En cualquier caso, es evidente que Mons. Romero, inspirándose en el Evangelio y en los documentos de Medellín y Puebla, hizo una opción muy clara por los pobres. Se encarnó en medio de ellos. Les predicó un Dios que no sólo los quería, sino que era también liberador. E hizo formulaciones tan ilu­minadoras como la de que «la gloria de Dios es que el pobre viva».

Se le acusó entonces de traicionar su servicio episcopal, metiéndose en polí­tica. Pero él defendió su manera de ac­tuar, mostrando que su defensa de los pobres y su denuncia de las violaciones de los derechos humanos y de la injus­ticia de los ricos y poderosos, estaba en sintonía con el evangelio, el Vaticano II y los documentos de Medellín y Puebla. A modo de ejemplo cito un fragmento de uno de sus sermones (5-3-1978):

«La Iglesia no pretende poder polí­tico ni basa su acción pastoral sobre el poder político ni entra en juego de los diferentes partidos políticos ni se identifica con ningún partido políti­co. Pero la Iglesia tiene que decir su palabra autorizada aun en problemas que guardan conexión con el orden público ‘cuando lo exigen los dere­chos fundamentales de la persona humana o la salvación de las almas’. Todo esto es del Concilio. La Iglesia, pues, defiende los derechos huma­nos de todos los ciudadanos, debe sostener con preferencia a los más pobres, débiles y marginados; pro­mover el desarrollo de la persona hu­mana, ser la conciencia crítica de la sociedad. La Iglesia tiene que ser la conciencia crítica de la sociedad, formar también la conciencia cris­tiana de los creyentes y trabajar por la causa de la justicia y de la paz.»

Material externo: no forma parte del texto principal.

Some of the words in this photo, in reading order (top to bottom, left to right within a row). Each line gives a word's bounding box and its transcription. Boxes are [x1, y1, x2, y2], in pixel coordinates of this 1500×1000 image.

Y en otra homilía, que hizo precisa­mente el 23-3-1980, la vigilia de su ase­sinato, dijo:

«Ya sé que hay muchos que se es­candalizan de esta palabra y quieren acusarla de que ha dejado la predi­cación del Evangelio para meterse en política; pero no acepto yo esta acusación, sino que hago un esfuer­zo para que todo lo que nos ha que­rido impulsar el Concilio Vaticano II, la reunión de Medellín y de Puebla, no sólo lo tengamos en las páginas y los estudiemos teórica­mente, sino que lo vivamos y lo tra­duzcamos en esta conflictiva reali­dad de predicar como se debe el Evangelio para nuestro pueblo. Por eso, le pido al Señor, durante toda la semana, mientras voy recogiendo el clamor del pueblo y el dolor de tan­to crimen, la ignominia de tanta vio­lencia, que me dé la palabra oportu­na para consolar, para denunciar, para llamar al arrepentimiento y, aunque siga siendo una voz que cla­ma en el desierto, sé que la Iglesia está haciendo el esfuerzo por cum­plir con su misión.»

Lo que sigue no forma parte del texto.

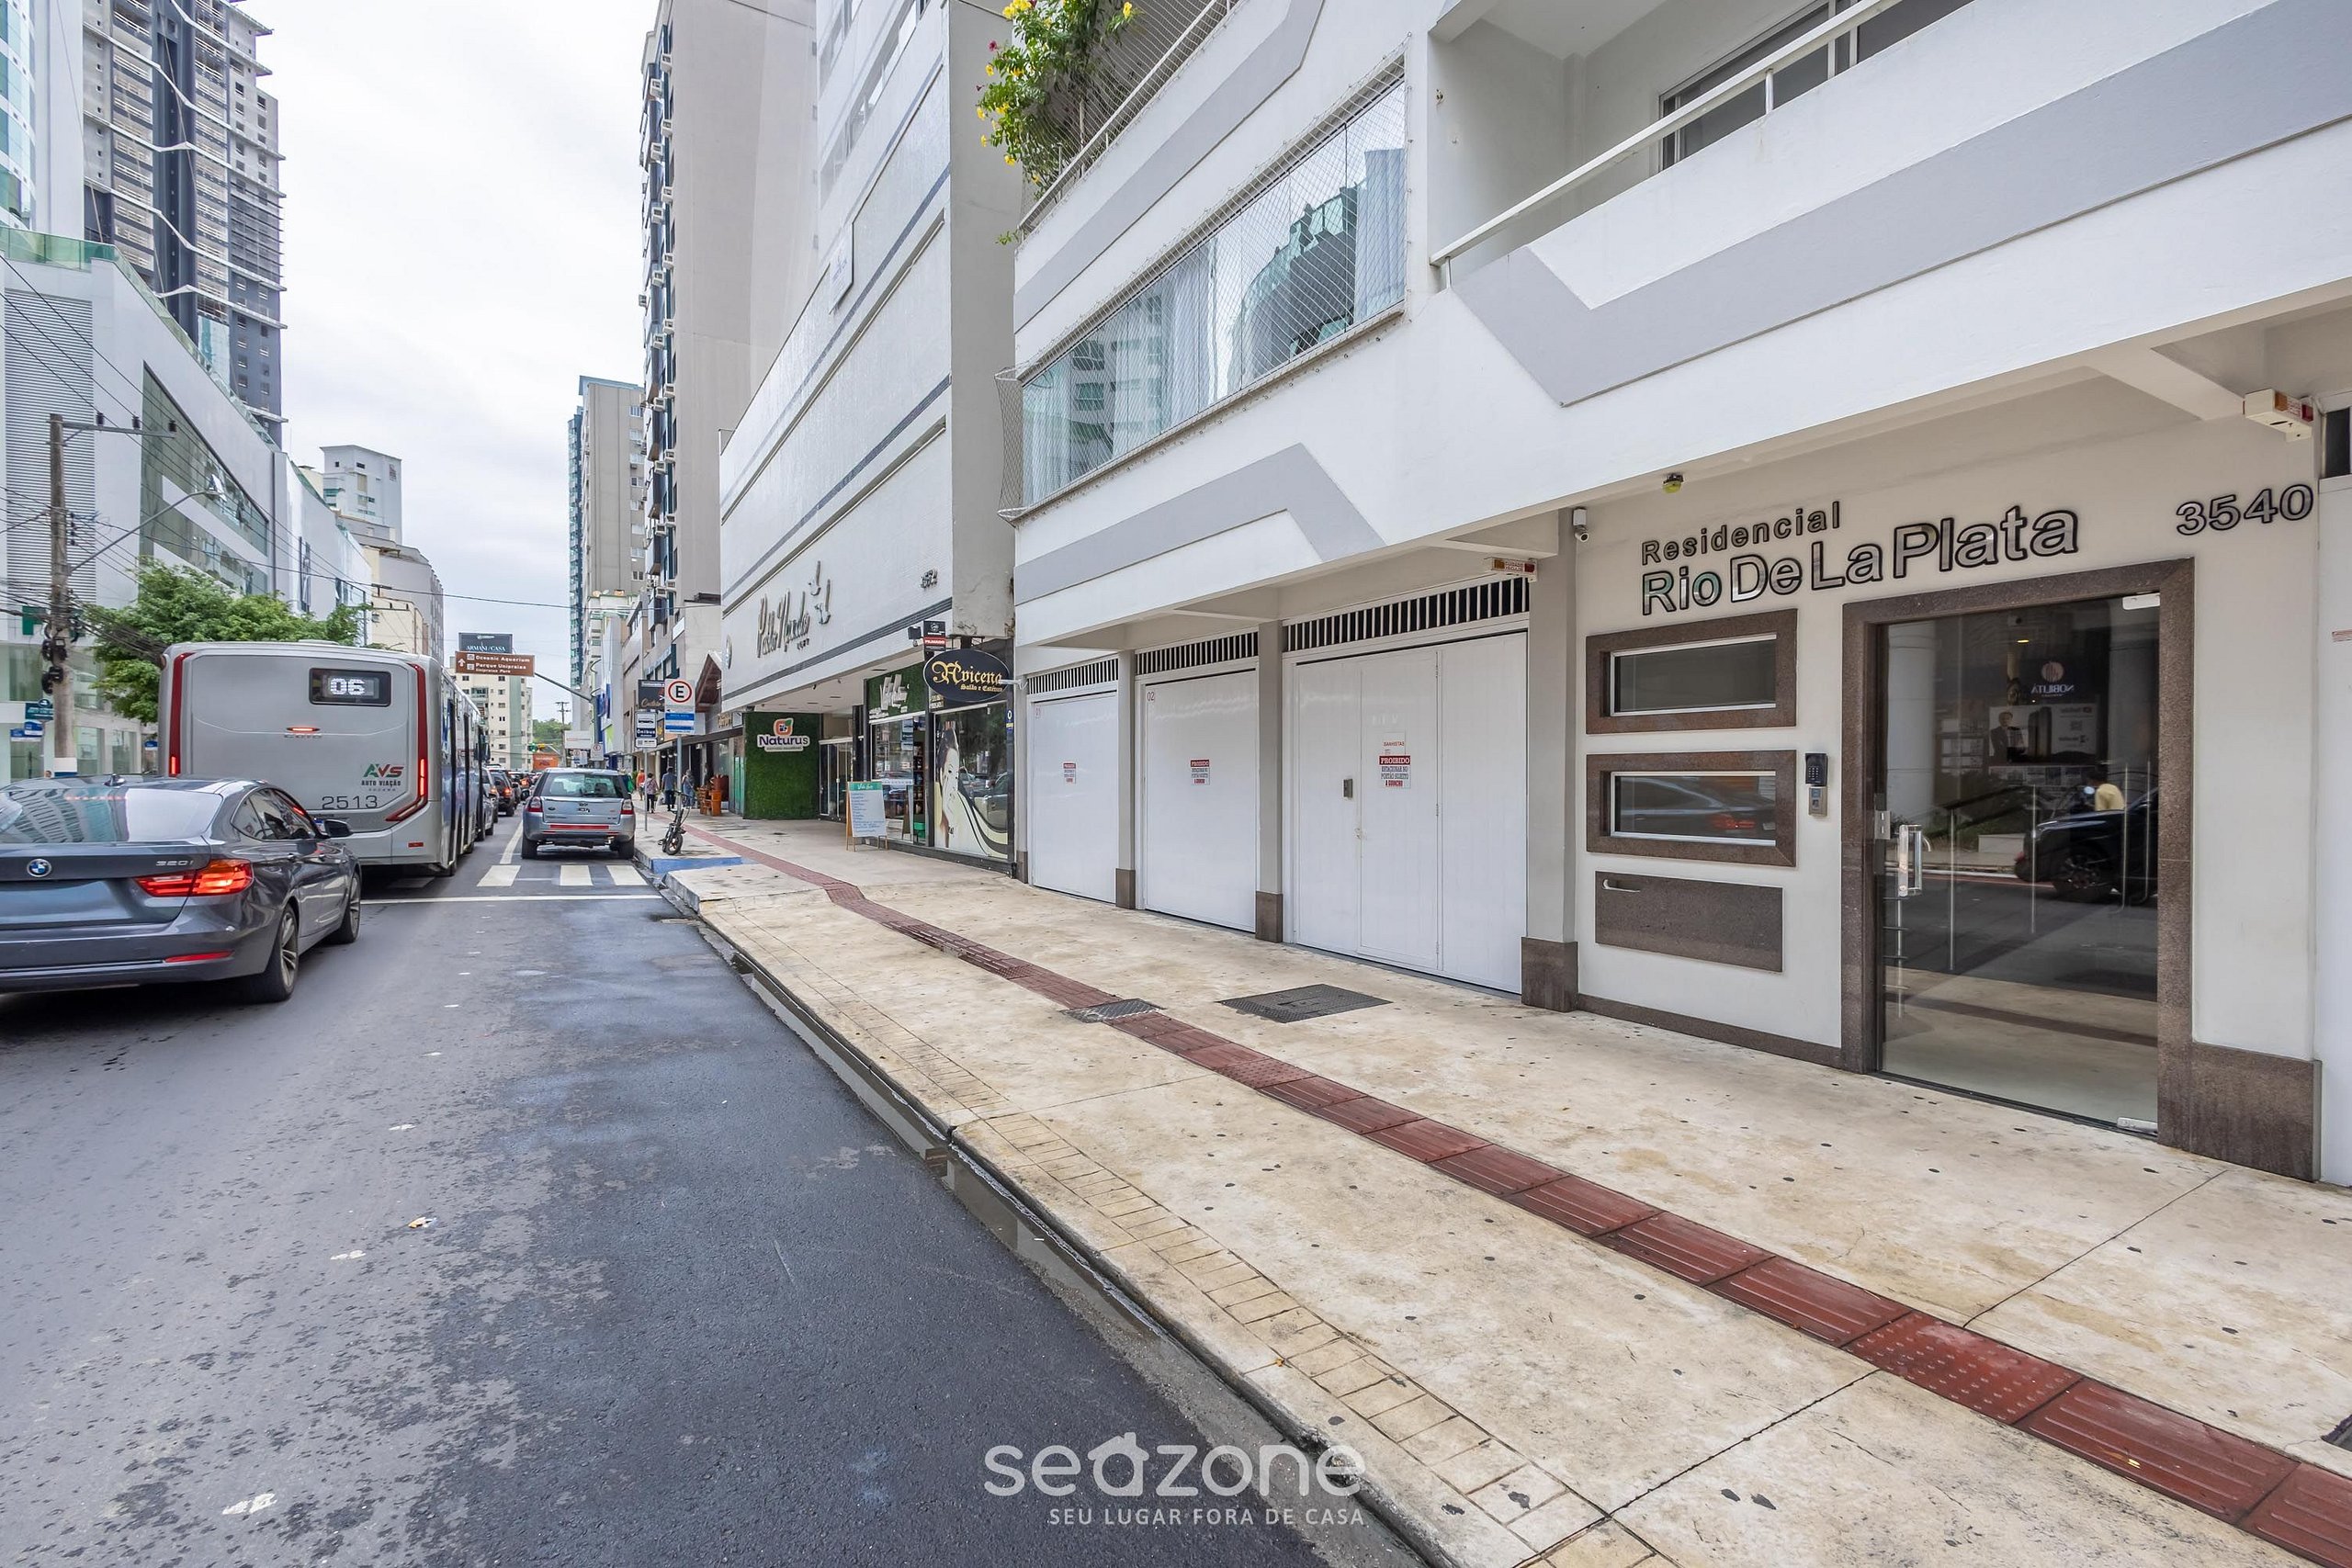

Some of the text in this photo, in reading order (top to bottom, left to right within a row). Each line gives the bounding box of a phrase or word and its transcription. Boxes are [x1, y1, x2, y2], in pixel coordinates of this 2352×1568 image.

[2176, 484, 2313, 536] 3540
[1641, 501, 1840, 566] Residencial
[1643, 505, 2078, 615] Rio De La Plata
[330, 678, 366, 695] 06
[675, 685, 684, 698] E
[1148, 692, 1155, 701] 02
[759, 736, 808, 745] Naturus
[363, 763, 404, 777] AVS
[379, 779, 401, 788] VIAÇÃO
[322, 795, 378, 809] 2513
[155, 859, 194, 867] 320i

Y le acusan, también, de estar fo­mentando la violencia en el país. Él se defiende de la acusación injusta en sus homilías, retransmitidas por radio. En ellas, hacía de portavoz de aquellos que no tenían voz en el país, denunciando las violaciones de los derechos huma­nos que habían sucedido la semana an­terior, y procurando iluminar, desde el Evangelio y las lecturas leídas durante la eucaristía, lo que estaba sucediendo en el país. En este punto conviene tener presente que, para poder hacer las de­nuncias con fundamento, aparte de reci­bir y de escuchar a las personas que ha­bían sufrido alguna violación de los derechos humanos, confrontaba con el equipo que lo asesoraba en los temas de las violaciones de los derechos huma­nos, la veracidad de los hechos y la ma­nera de hacer las denuncias. En cuanto a la acusación de que fomentaba la vio­lencia, dijo, entre otras cosas:

«La violencia no la está sembrando la Iglesia, la violencia la están sem­brando las situaciones injustas, la si­tuación de instituciones y leyes in­justas que solamente favorecen a un sector y no tienen en cuenta el bien común de la mayoría. Y aquí la Iglesia no se podrá callar porque es un derecho evangélico que la asiste y un deber hacia el Padre de todos los hombres, que la obliga a recla­mar a los hombres la fraternidad.» (Homilía del 1-4-1978).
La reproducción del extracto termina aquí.